We recommend addressing this issue from a strategic perspective: it should be based on a diagnosis of needs in the region, the limitations of finding French-speaking candidates, HR demand in relation to specific programmatic needs, and the availability of funding. One of the weaknesses in the HR surge capacity identified by the RTIA has been the occasional deployment of human resources without a clear operational framework or the means required to carry out the intended task. The process of HR requests, searches for candidates, selection, and recruitment has to be as transparent as possible, and communication between CO and RO HR sections has to be established through agreed channels and working tools. Ensuring adequate follow-up of HR processes in the region will likely require reinforcement in HR services at WCARO.
As with other aspects of the response, the HR strategy must be linked to a regional strategy and to adequate sectoral strategies. In line with Recommendation 1, an eventual HR strategy would benefit from the development of sector strategies that could include a “switch” mechanism to turn normal programming into emergency preparedness and response. Achieving a minimum capacity of permanent staff able to deal with emergencies would greatly benefit UNICEF’s potential in this region, and would make the surge required in the case of acute crisis more focused and more readily integrated. However, this should not detract from the need to adequately reinforce the HR section in WCARO.

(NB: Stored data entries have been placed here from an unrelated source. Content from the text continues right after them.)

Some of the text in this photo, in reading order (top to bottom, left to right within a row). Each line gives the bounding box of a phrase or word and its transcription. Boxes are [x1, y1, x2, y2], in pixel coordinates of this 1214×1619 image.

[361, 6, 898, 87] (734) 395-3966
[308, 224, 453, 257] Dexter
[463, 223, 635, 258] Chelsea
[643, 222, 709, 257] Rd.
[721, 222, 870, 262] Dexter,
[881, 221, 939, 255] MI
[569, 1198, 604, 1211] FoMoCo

5. Optimize processes for the RO to support COs.
This recommendation addresses findings contained in paragraphs 33 and 76. These aspects also concern UNICEF’s internal management; the consultants believe that they should be given attention as they can be the cause of some dysfunction.
However, addressing them is probably not an easy task given the “silo” structure of UNICEF. In particular, the fact that the RO’s Emergency Team traction does not translate easily at CO level and tends to overburden the functions of the Emergency Officer has to be addressed.

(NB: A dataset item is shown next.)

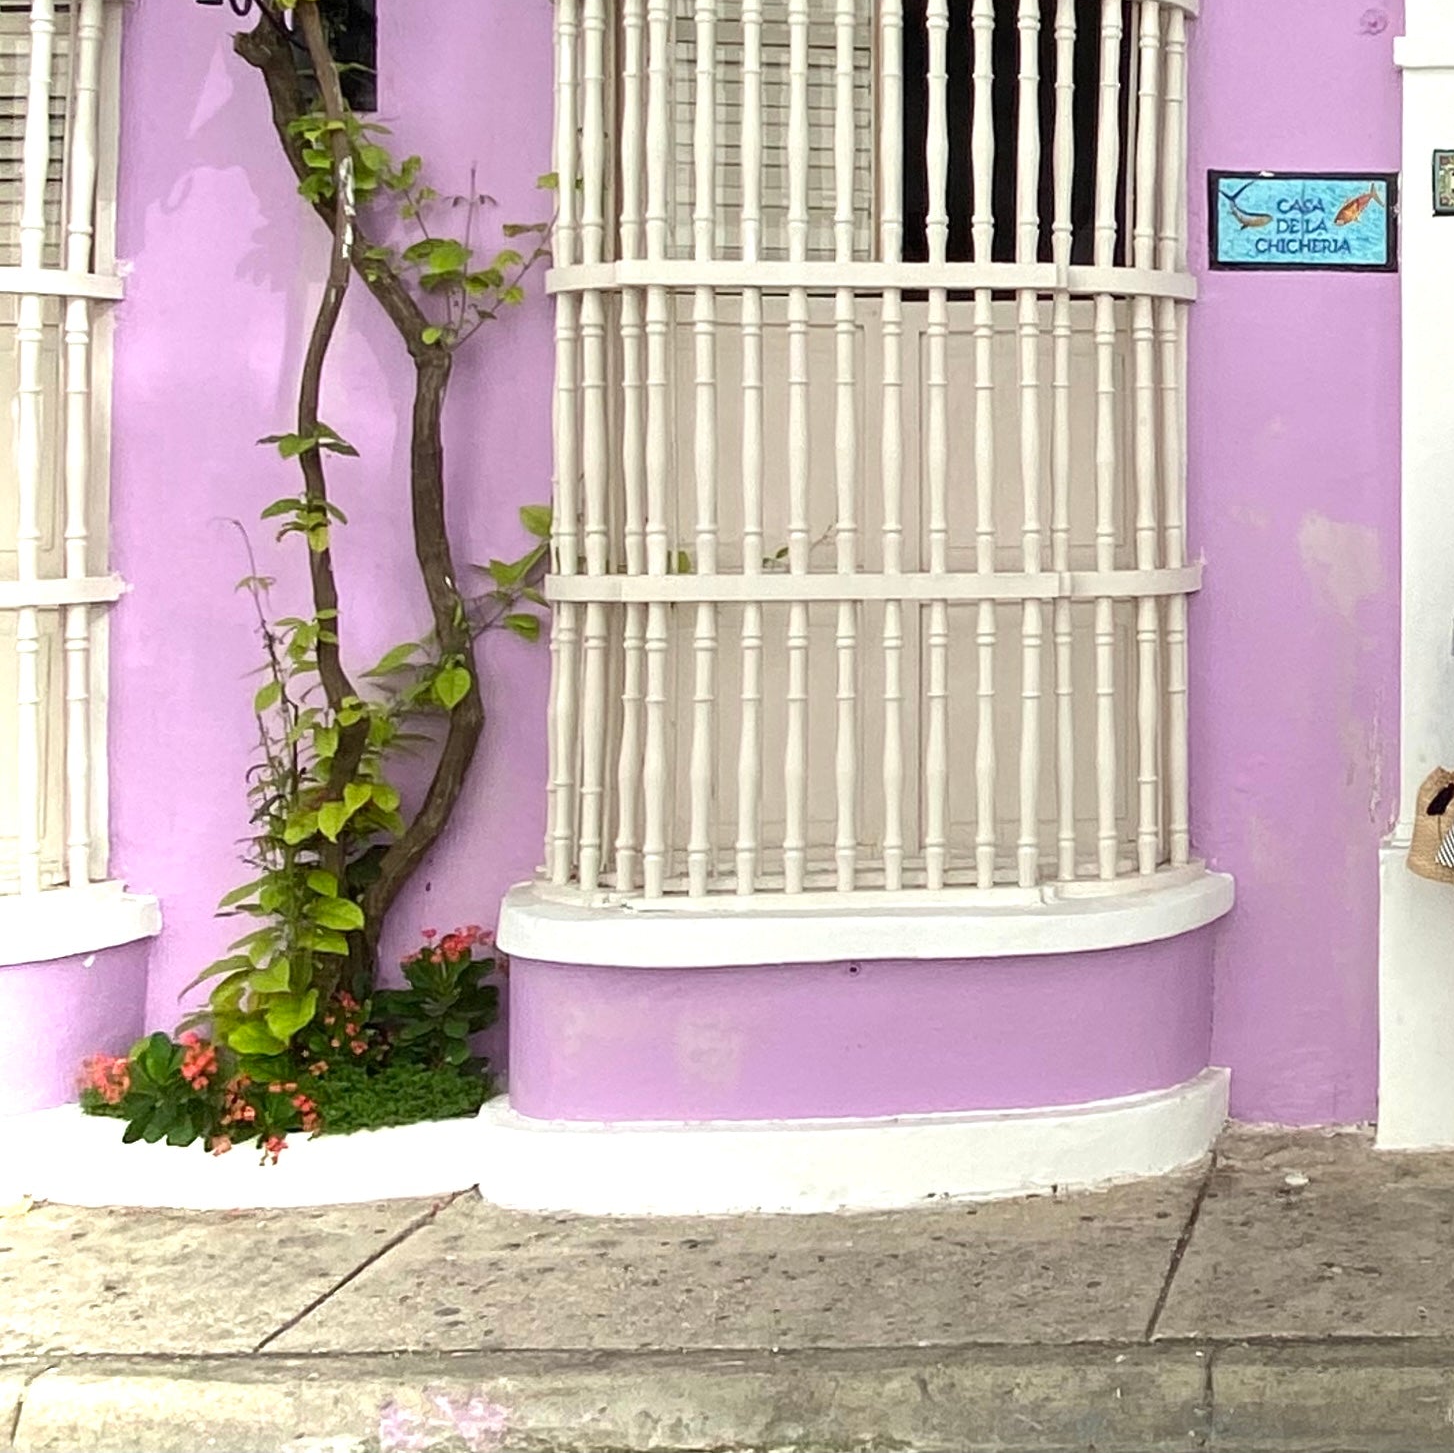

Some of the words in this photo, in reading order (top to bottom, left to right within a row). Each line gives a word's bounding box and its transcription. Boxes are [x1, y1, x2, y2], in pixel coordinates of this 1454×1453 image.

[1276, 198, 1325, 214] CASA
[1276, 218, 1300, 234] DE
[1304, 218, 1327, 234] LA

• More senior staff must be available to coordinate response at CO level; or Emergency Officers should be more senior and their teams stronger.
• Dissemination of L2 Standard Operating Procedures (SOPs) must be ensured, as well as discussion about their implications in the event of a new crisis.
• More attention must be paid to the need to integrate other sectors into the initial phases of the response. This seems especially true – and also feasible – in the case of a slow-onset crisis of this type.
• A travel monitoring system could be a potential tool to facilitate integration and avoid or limit “siloing”.
6. Relations with WFP, need for a Letter of Understanding (LoU), including MAM estimations and blanket feeding coordination.
This recommendation corresponds to paragraphs 10 and 39 of this report. This aspect is well known by senior staff at WCARO and will certainly be addressed in conversations with WFP, but the solution is complex. The global cluster initiative to address MAM through a specific taskforce is a good step, but additional efforts will be needed to align the organizational cultures of UNICEF and WFP (see “Discussion” section, page 46).
7. Address cross-cutting issues not adequately covered in the current response.
• Ensure a gender-based approach, with disaggregation of gender data for the nutrition program (paragraph 63).
• Characterize disabilities in the target population (paragraph 64).
• Address malnutrition in non-Sahel areas, avoiding positive discrimination (paragraphs 8 and 65).
These recommendations are arranged in matrix format in Annex 1, with a breakdown specifying their respective urgency, feasibility, and importance.